Le travail vers nos troisième et quatrième résultats repoussera les frontières de l’accès à la contraception volontaire et aux soins d’avortement sans risque pour les femmes et les filles en Afrique de l’Est et de l’Ouest francophone.

  • Résultat n°3 : Des solutions pour atténuer les inégalités dans l’accès et l’utilisation de la contraception et des soins d’avortement sont développées et testées avec des voies à grande échelle en Afrique de l’Est et de l’Ouest francophone. Alors que l’accès à la contraception et aux soins d’avortement continue de s’étendre, nous chercherons des opportunités d’atteindre les femmes et les filles qui font face aux plus grands obstacles pour obtenir des services, y compris les femmes vivant dans l’extrême pauvreté, les femmes jeunes ou célibataires qui sont souvent confrontées à la stigmatisation lorsqu’elles recherchent la santé reproductive. et les femmes handicapées ou déplacées. Nous continuerons à soutenir les efforts régionaux en Afrique de l’Ouest francophone, tels que le Partenariat de Ouagadougou, pour soutenir et faire progresser les progrès dans les zones géographiques qui continuent de faire face à des obstacles pour atteindre leurs objectifs de SDSR.
  • Résultat n°4 : L’avortement sécurisé est légal et/ou dépénalisé dans un plus grand nombre de pays d’Afrique de l’Est et de l’Ouest francophone et est accessible à plus de femmes et de filles dans ces pays. Alors que les soins d’avortement sans risque devraient être une composante standard de la SDSR complète, ils sont souvent omis.
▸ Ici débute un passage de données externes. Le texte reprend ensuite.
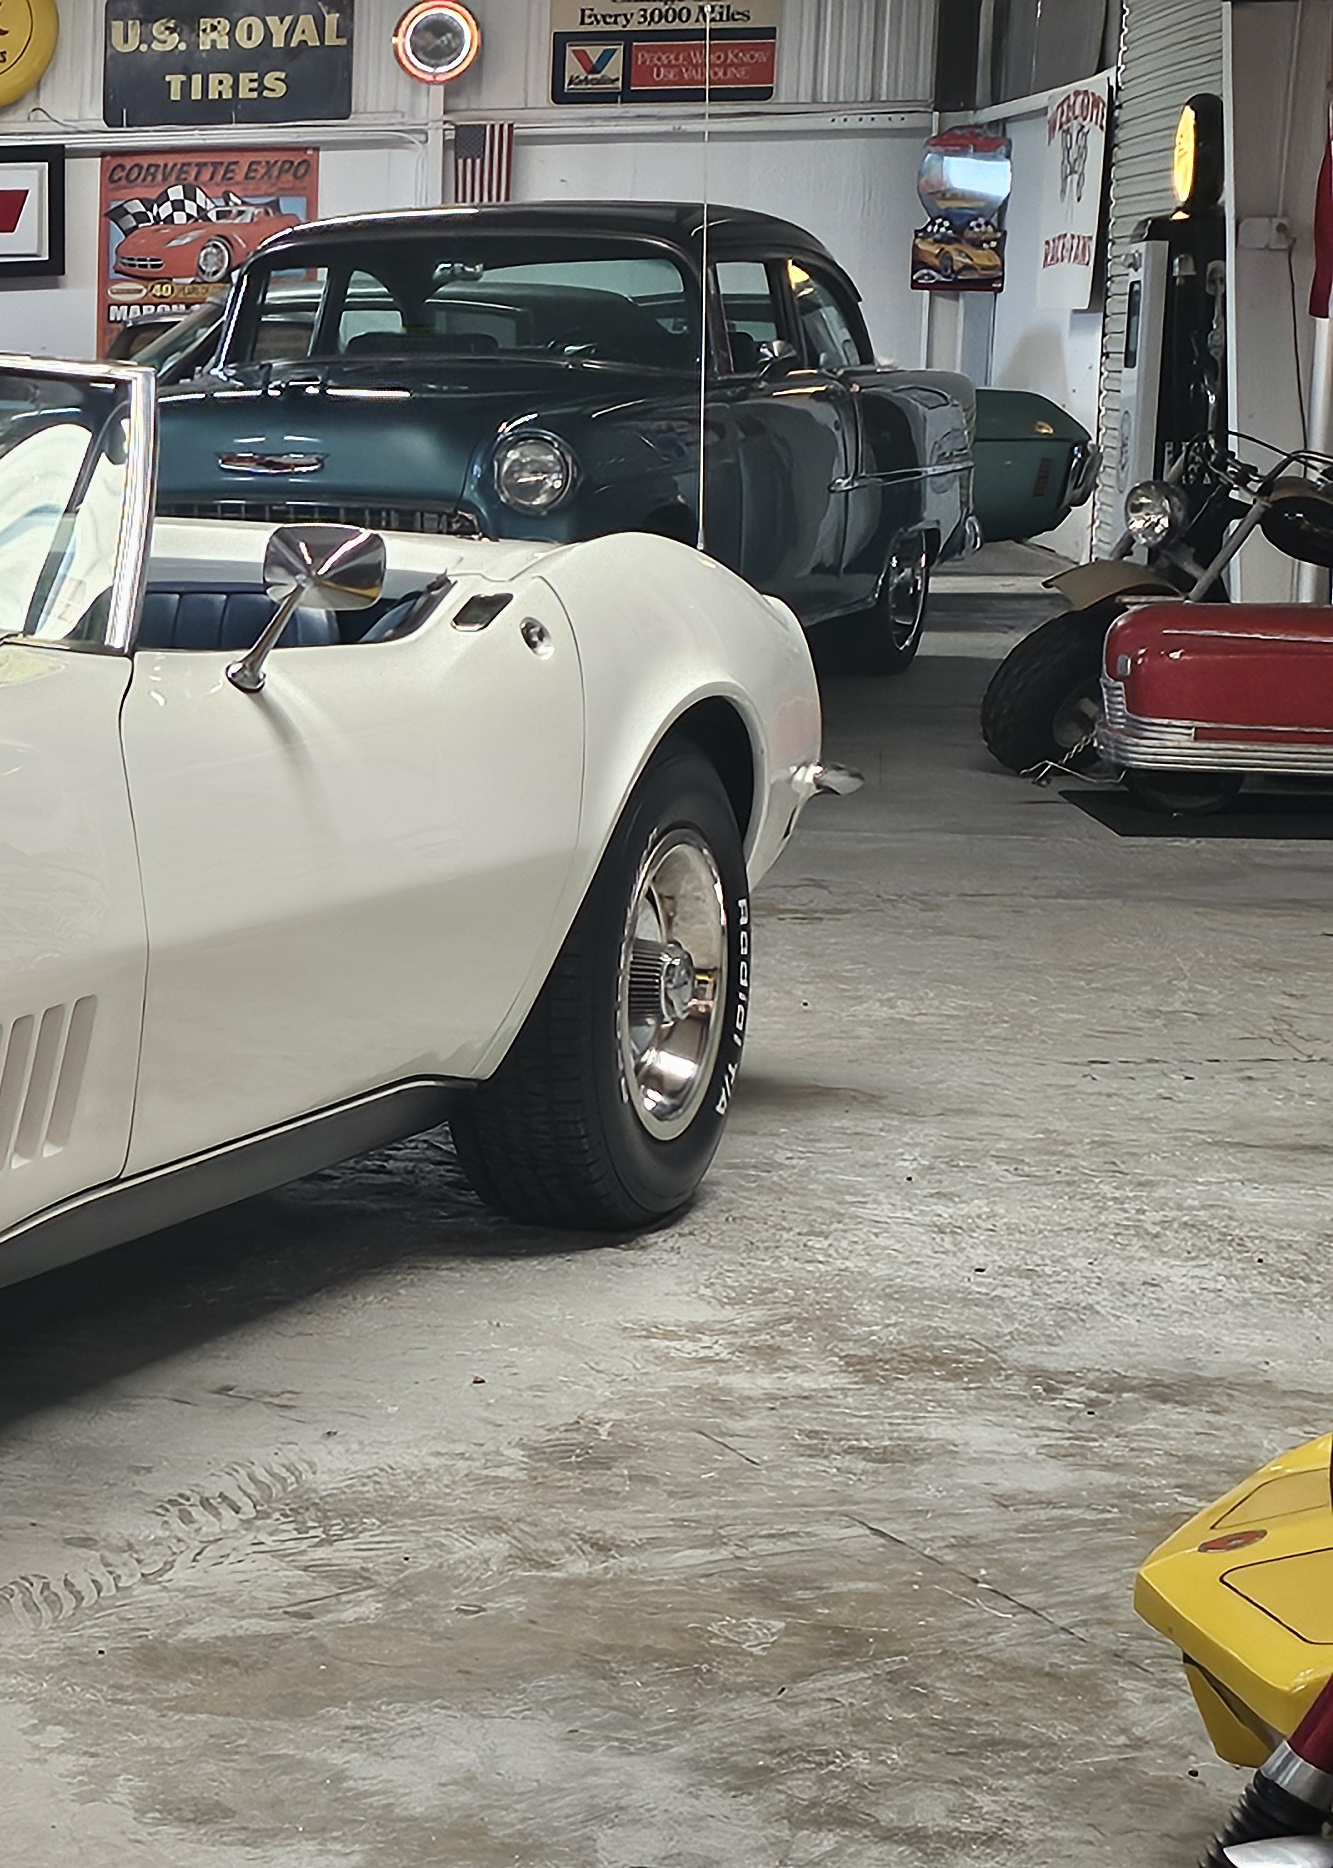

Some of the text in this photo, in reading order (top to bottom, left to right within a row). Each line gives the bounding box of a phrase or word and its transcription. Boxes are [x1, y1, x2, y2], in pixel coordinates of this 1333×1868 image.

[579, 8, 633, 28] Every
[637, 6, 691, 26] 3,000
[111, 13, 347, 52] U.S. ROYAL
[638, 52, 687, 66] PEOPLE
[727, 49, 768, 64] KNOW
[653, 66, 750, 80] USE VALOLINE
[165, 71, 287, 100] TIRES
[108, 159, 311, 184] CORVETTE EXPO
[152, 284, 172, 297] 40
[715, 898, 749, 1116] Radial T/A
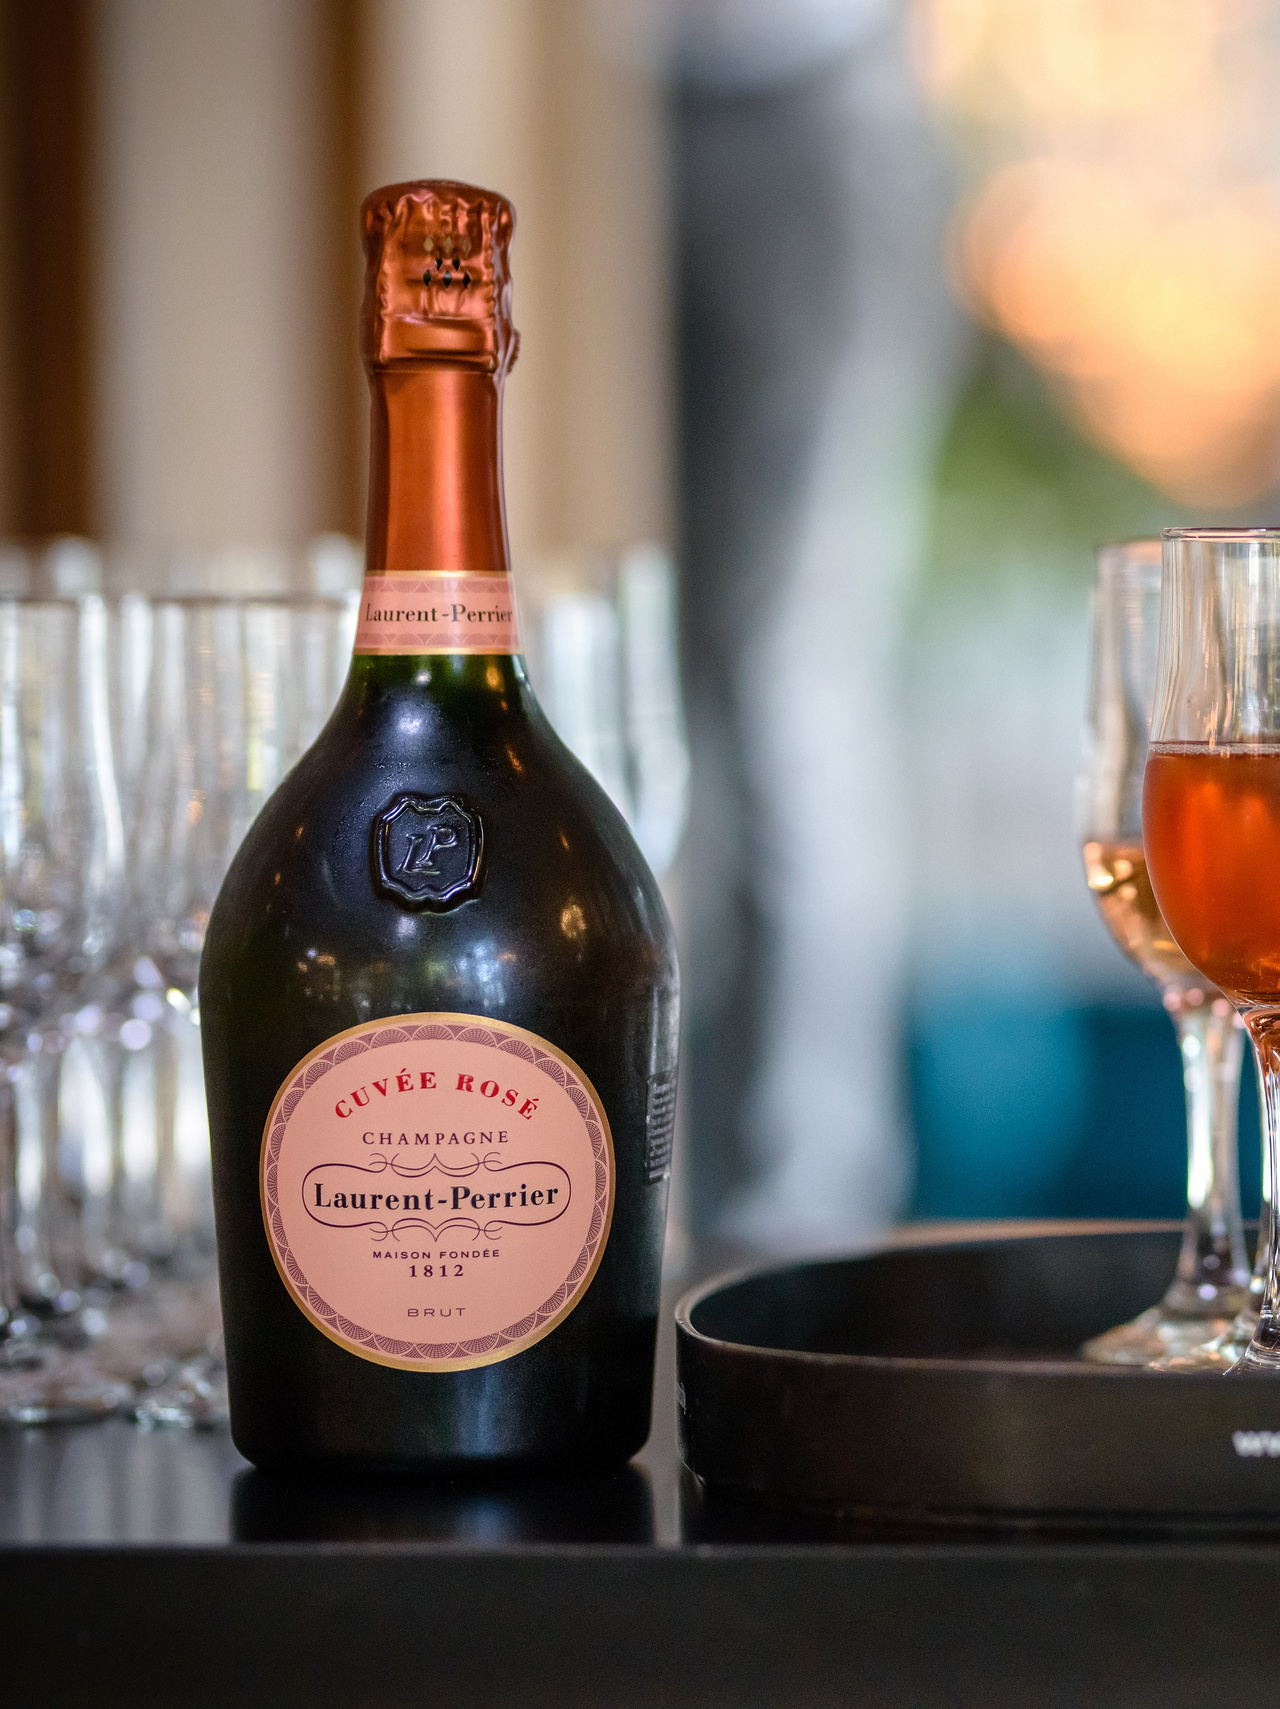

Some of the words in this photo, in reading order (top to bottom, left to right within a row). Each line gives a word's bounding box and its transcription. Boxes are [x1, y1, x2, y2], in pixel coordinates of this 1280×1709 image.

[365, 602, 513, 623] Laurent-Perrier
[334, 1067, 437, 1119] CUVÉE
[455, 1072, 540, 1121] ROSÉ
[362, 1130, 509, 1146] CHAMPAGNE
[314, 1182, 559, 1211] Laurent-Perrier
[372, 1250, 431, 1260] MAISON
[439, 1248, 501, 1260] FONDÉE
[408, 1263, 465, 1278] 1812
[407, 1307, 467, 1318] BRUT
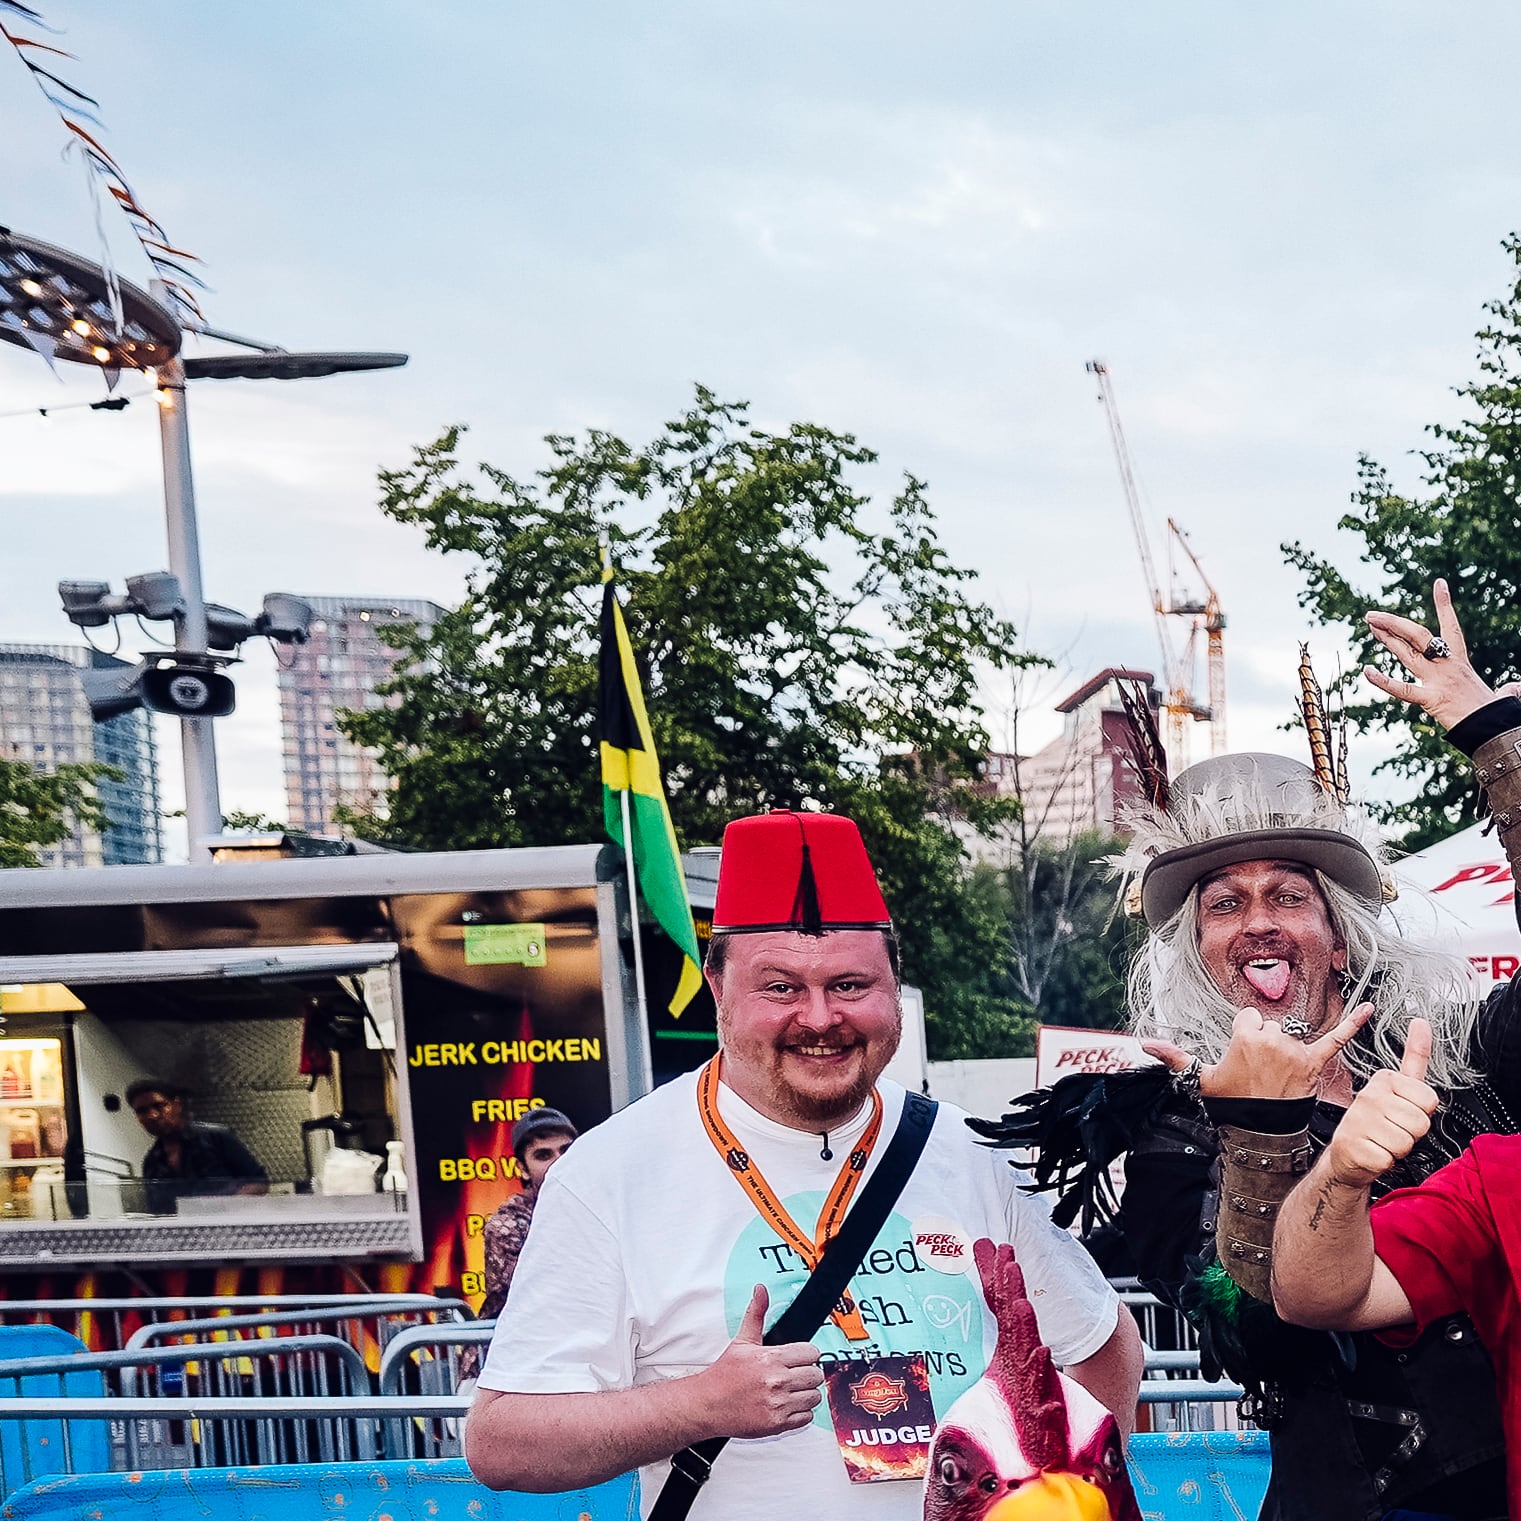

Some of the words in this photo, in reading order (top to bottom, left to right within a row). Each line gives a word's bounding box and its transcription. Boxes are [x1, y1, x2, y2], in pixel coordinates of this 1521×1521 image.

Au cours des cinq prochaines années, nous renforcerons notre travail en faveur de l’accès universel à l’avortement sécurisé, en adoptant une approche multidimensionnelle comprenant le plaidoyer, la recherche, le changement de politique, la création de mouvements et la prestation de services dans les zones géographiques cibles et dans le monde.

Des occasions d’apprendre et de partager

Cette vidéo animée fournit une introduction rapide à la stratégie.

Au cours des prochains mois, nous partagerons davantage sur la stratégie à travers plusieurs événements virtuels. Une fois de plus, nous sommes ravis de nous lancer dans cette nouvelle stratégie et sommes reconnaissants à tous ceux qui ont contribué et guidé le processus pour nous amener ici.